As an educator, she is uniquely a professor of both dance practice and critical dance and performance studies, alike.  Russo invests in dance and performance as both cultural and critical analysis and social practice, and seeks to dismantle and repair the damage of a historically elitist and racist “canon.” With an emphasis on community-building, her courses frequently incorporate an involved network of diverse artists whose experiences and embodied research fosters authentic relationships, mentorships, and perspectives, while also demonstrating the serious importance of embodied and oral histories. Previously, Russo served on faculty at New York University’s Tisch School of the Arts, SUNY Purchase, University of Iowa, CUNY Queens College, and The Joffrey Ballet School BFA and Professional Divisions. In 2021, she was selected by the Dean and the Office of the Provost at New York University to develop and teach a brand-new course, entitled Performance as Protest, in their prestigious Big Ideas Course Series offered across its global campuses.
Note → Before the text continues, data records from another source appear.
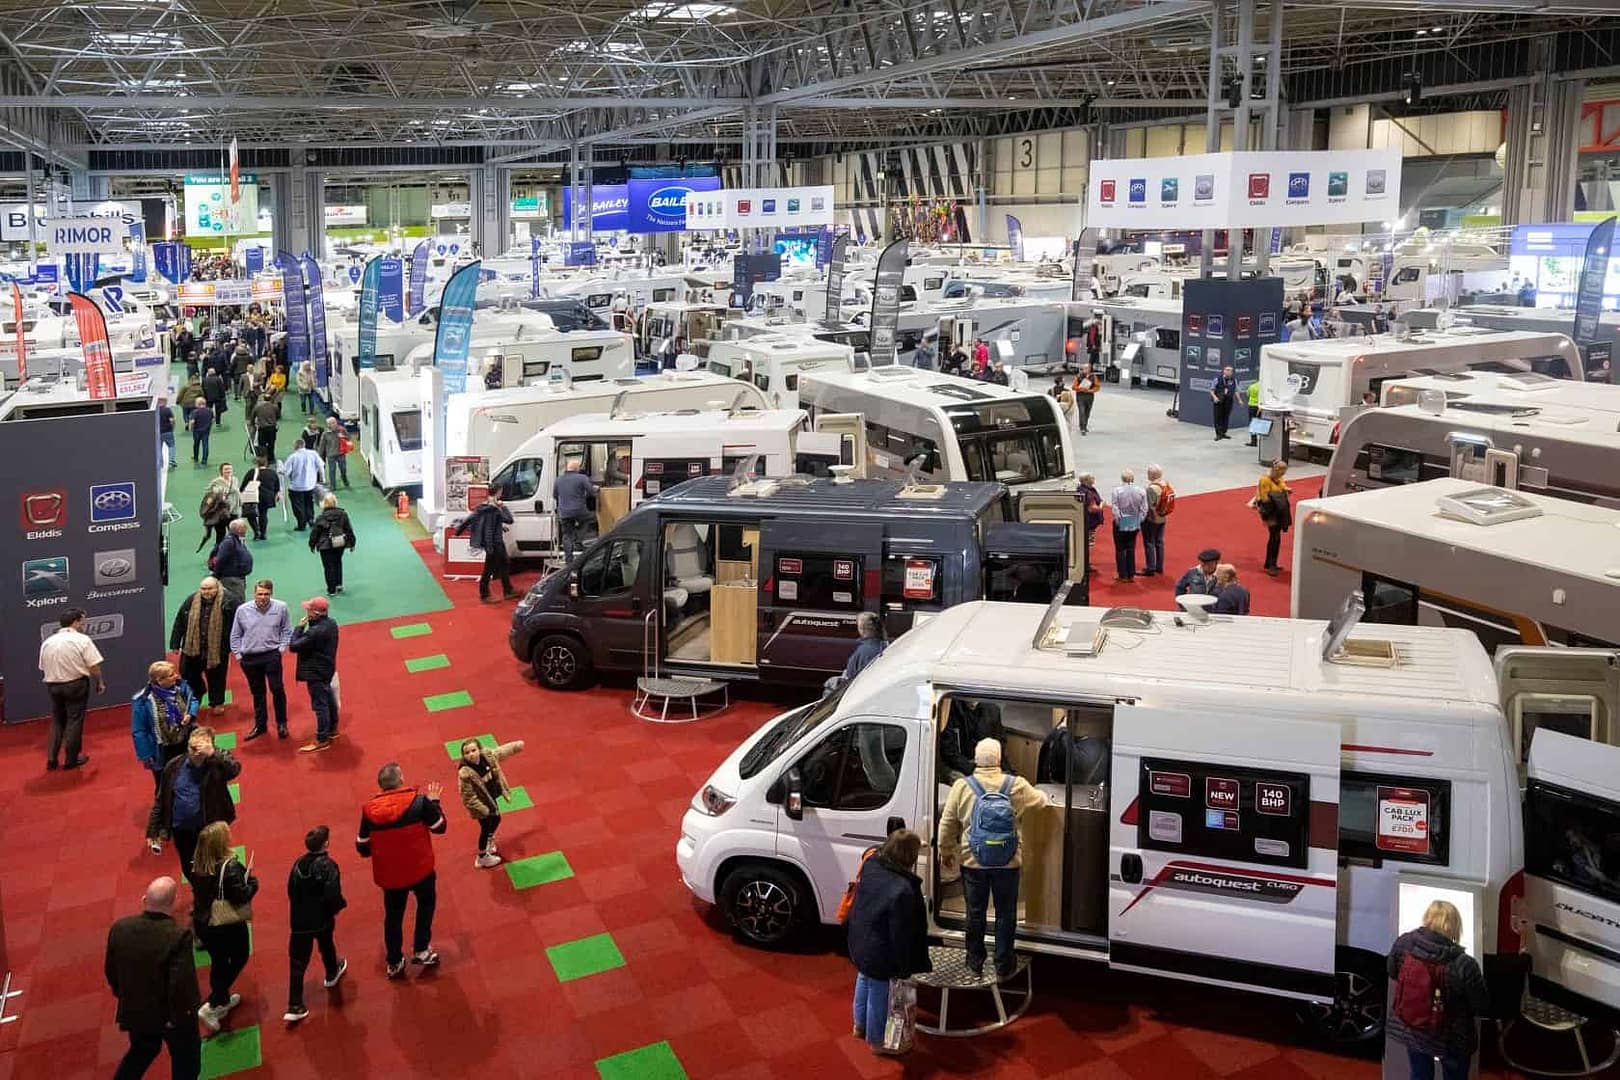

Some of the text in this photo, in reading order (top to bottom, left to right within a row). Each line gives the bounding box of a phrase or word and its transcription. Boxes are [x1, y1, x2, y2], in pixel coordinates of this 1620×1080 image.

[1021, 139, 1032, 168] 3
[651, 196, 687, 208] BAILE
[55, 227, 112, 243] RIMOR
[88, 521, 140, 533] Compass
[26, 530, 63, 540] Elddis
[86, 587, 145, 600] Buccaneer
[26, 596, 68, 608] Xplore
[792, 619, 839, 628] autoquest
[1210, 791, 1235, 801] NEW
[1262, 789, 1283, 799] 140
[1261, 798, 1285, 808] BHP
[1384, 807, 1403, 815] CAB
[1391, 814, 1414, 822] PACK
[1174, 872, 1262, 891] autoquest
[1555, 902, 1620, 929] DUCAT
Her curriculum examined the art and act of performance as an influential model for social activism, civil disobedience, and community mobilization, and facilitated a community of local and internationally-acclaimed artists and collaborative instructors whose bodies of work intersect with urgent social causes and have catalyzed community and critical change. In 2022, Russo was recruited by the Conservatory of Dance at SUNY Purchase to teach critical dance studies on behalf of the Departmental Chair, Professor Darrah Carr. In addition to her work in universities and collegiate programs, she has taught at numerous international institutions and festivals across Europe, and North and Central Americas.
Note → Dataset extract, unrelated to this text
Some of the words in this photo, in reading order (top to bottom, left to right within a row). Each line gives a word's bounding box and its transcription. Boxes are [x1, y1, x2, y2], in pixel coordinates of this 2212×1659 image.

Currently, she is Assistant Professor of the Practice in the Department of Performing & Media Arts, specializing in intermedia and interdisciplinary dance.

Research Focus

I craft sensoriums — stages that extend their arms and hug the audience whereby the dance entangles them. The aftermath of my creative process is physically rigorous, conceptually curious, and environmentally engaged. It is detailed and carefully prescribed in its structures and sequences but steeped in larger inquiries and experiments of place and social atmospheres. I produce magnified, porous worlds that feed off sensory stimulation and an awakening of the familiar: parlors flooded by 450,000 white roses, cement pillars suspending bodies with industrial cellophane, foyers carpeted in inexhaustible bubble wrap, the spoon-feeding of German chocolate cake to a string of strangers, 3 miles of geofenced storytelling, bare bodies dipped in magenta clay, vacant pools swamped in 10,000 pounds of dry soil, and the ravaging of ripe nectarines.
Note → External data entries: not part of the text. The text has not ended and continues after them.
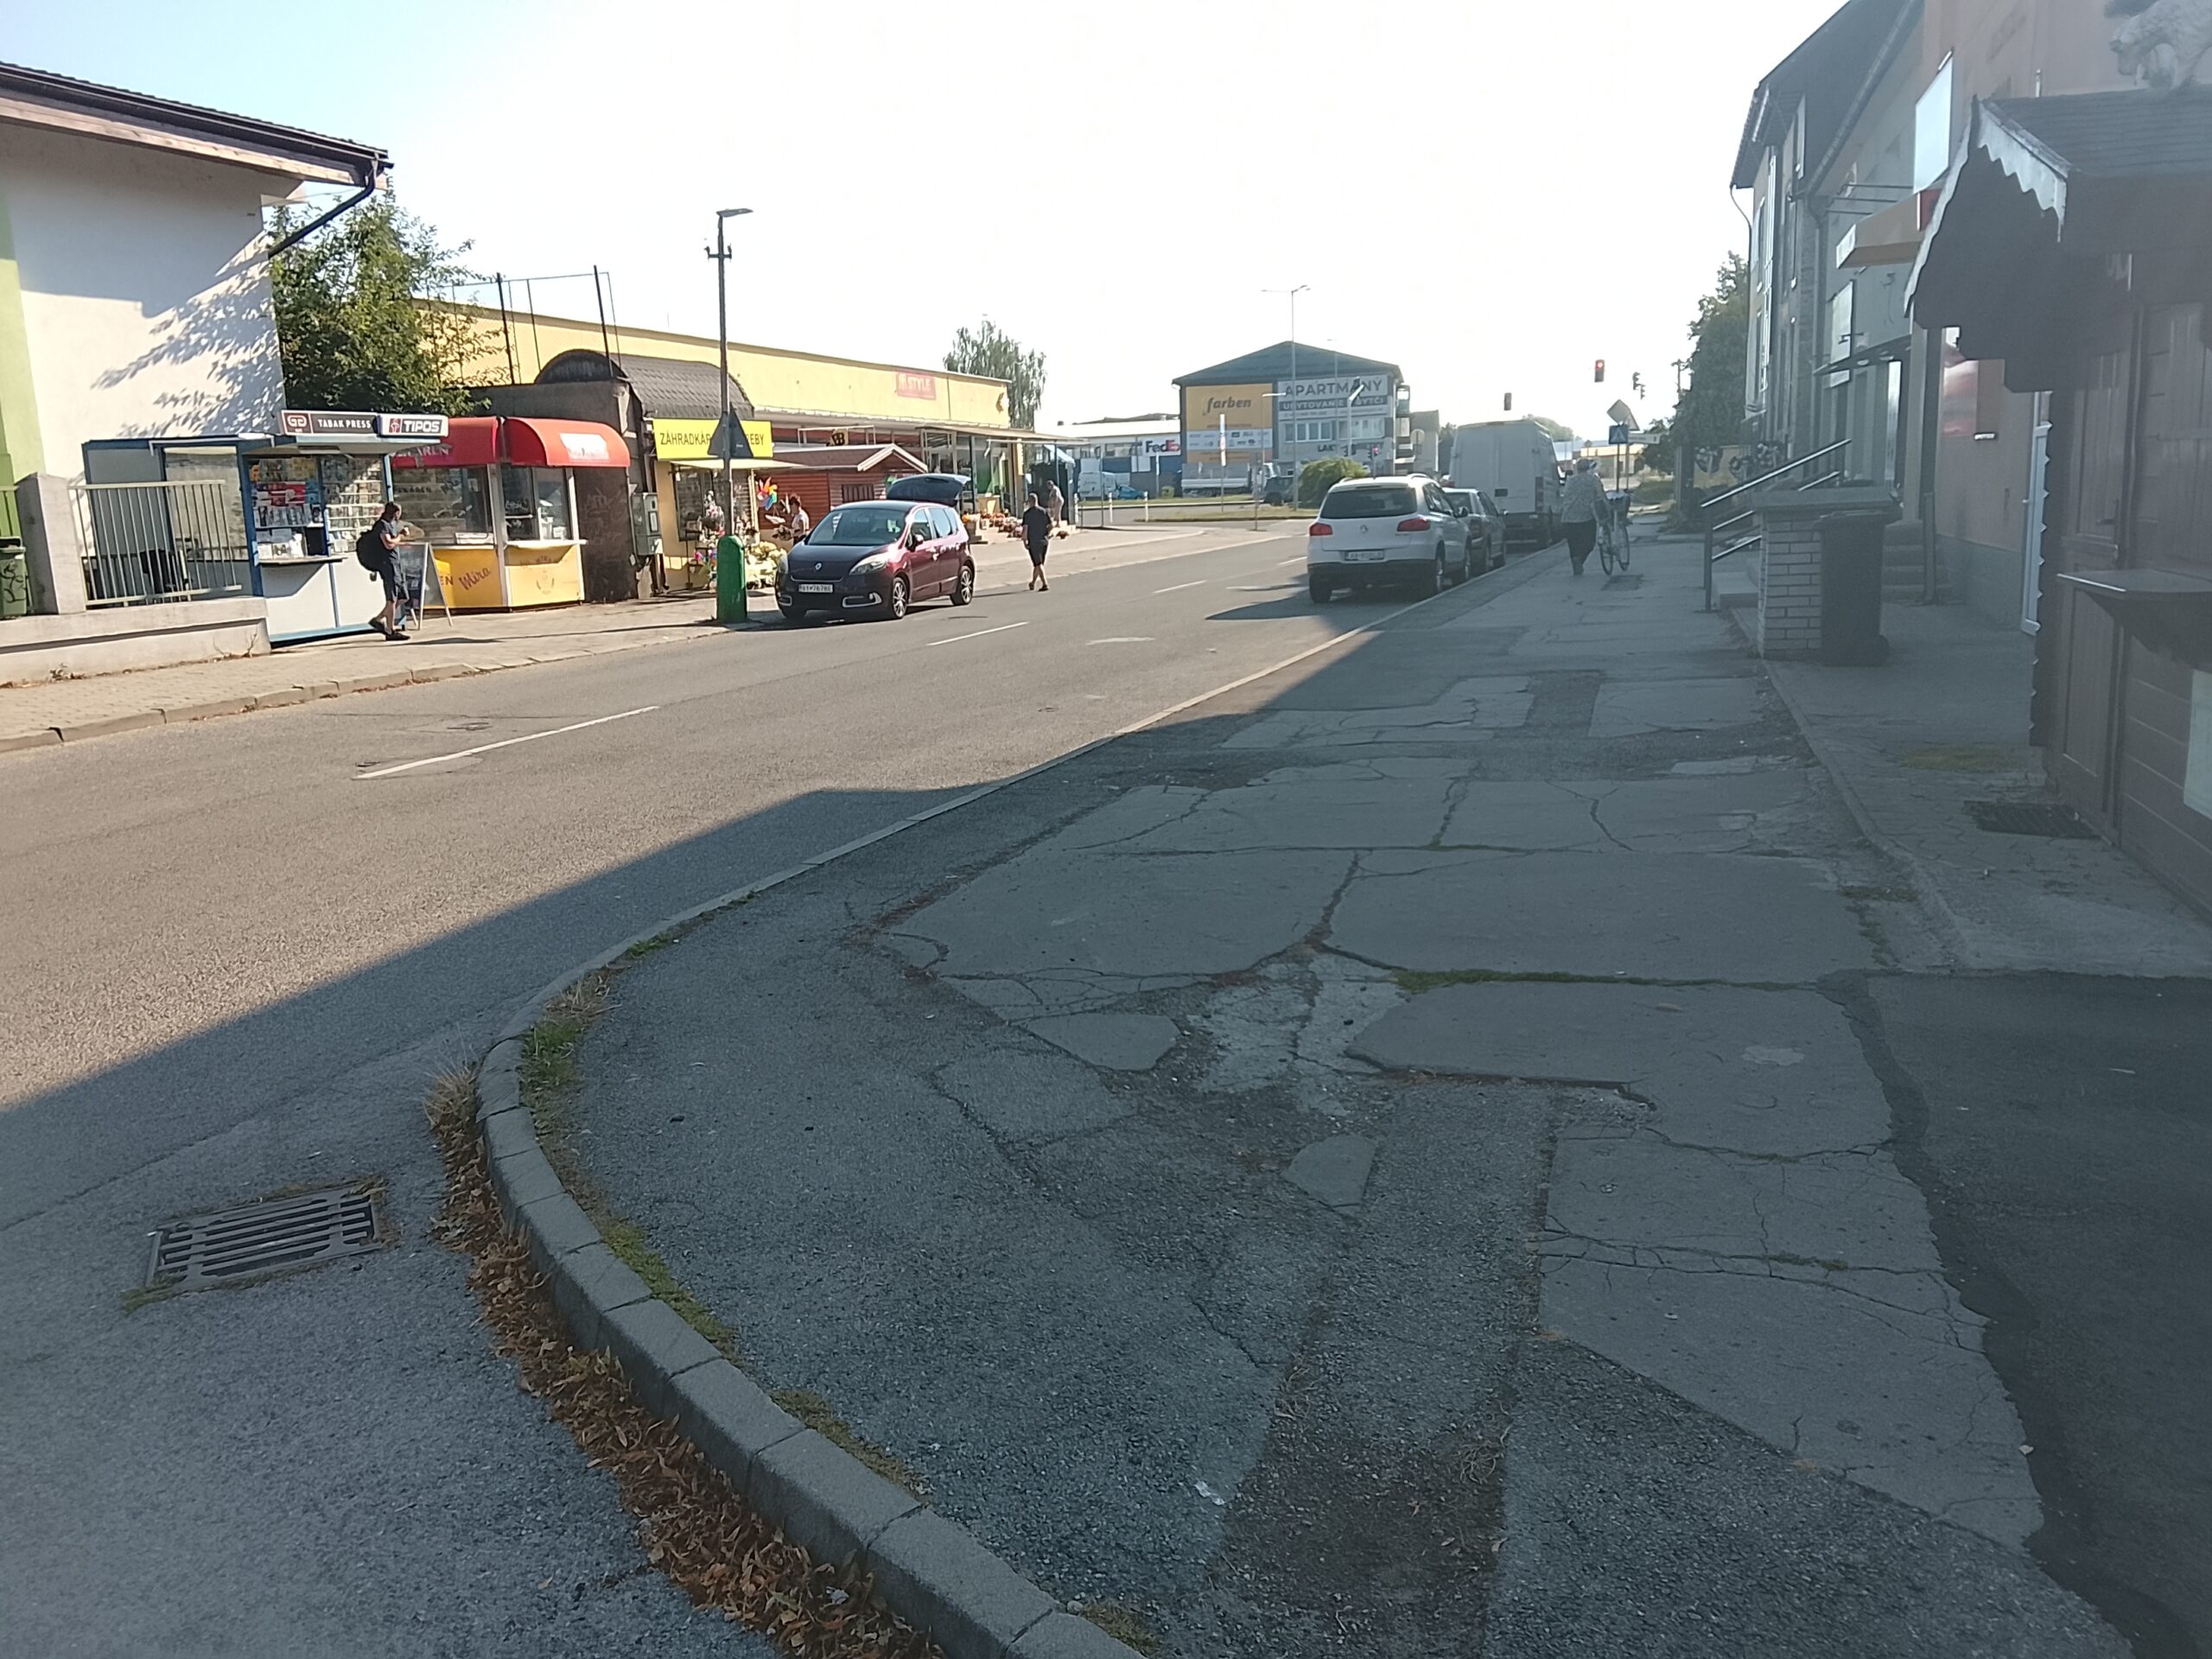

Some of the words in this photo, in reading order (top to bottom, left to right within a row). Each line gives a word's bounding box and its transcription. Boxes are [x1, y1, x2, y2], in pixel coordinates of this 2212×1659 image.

[1206, 397, 1252, 414] farben
[1283, 399, 1345, 410] UYTOVANE
[317, 418, 344, 429] TABAK
[346, 419, 372, 429] PRESS
[403, 420, 441, 433] TIPOS
[660, 429, 711, 446] ZÁHRADKÁR
[458, 567, 492, 590] Mira
I deeply believe in the power of collective movement as a means to redefine the limits and preconceived notions of what choreography can be and how it can serve an immediate, local purpose. With an emphasis on public access and experiential design, my dances deliberately prompt audiences through their present spaces and places — encouraging new perspectives, understandings, and interactivity with the artists, landscapes, and communities seen, heard, felt, and amplified by the work.

Most recently, DRPP debuted Final Notice, which is a 1.5-mile traveling dance using mobile technology and community-driven archival to mark the increasing floodplain caused by climate change in coastal Brooklyn. Presented by Climate Week NYC, performances activate an interactive map app of the same name, which DRPP built over a 2-year collaboration with paid Youth Leaders at community centers Red Hook Initiative and El Puente, along with a community-based faculty of scientists and conservationsists, historians and stewards, activists, artists, and technologists facilitated by our cooperative. The #FinalNotice map app exposes climate change, environmental racism, and historical erasure on the Brooklyn waterfront, emphasizing neighborhoods with Superfund and Brownfield sites. Each live performance starts at the coastline and travels inland, while data research, diverse archives, and community interviews are cued on audience members’ phone screens and headphones, correlating to their real-time locations on site. Meanwhile, the performers wear GoPro cameras to live-stream for remote audiences and to actively record the landscape endangered by climate change in protest and demand for local policy change.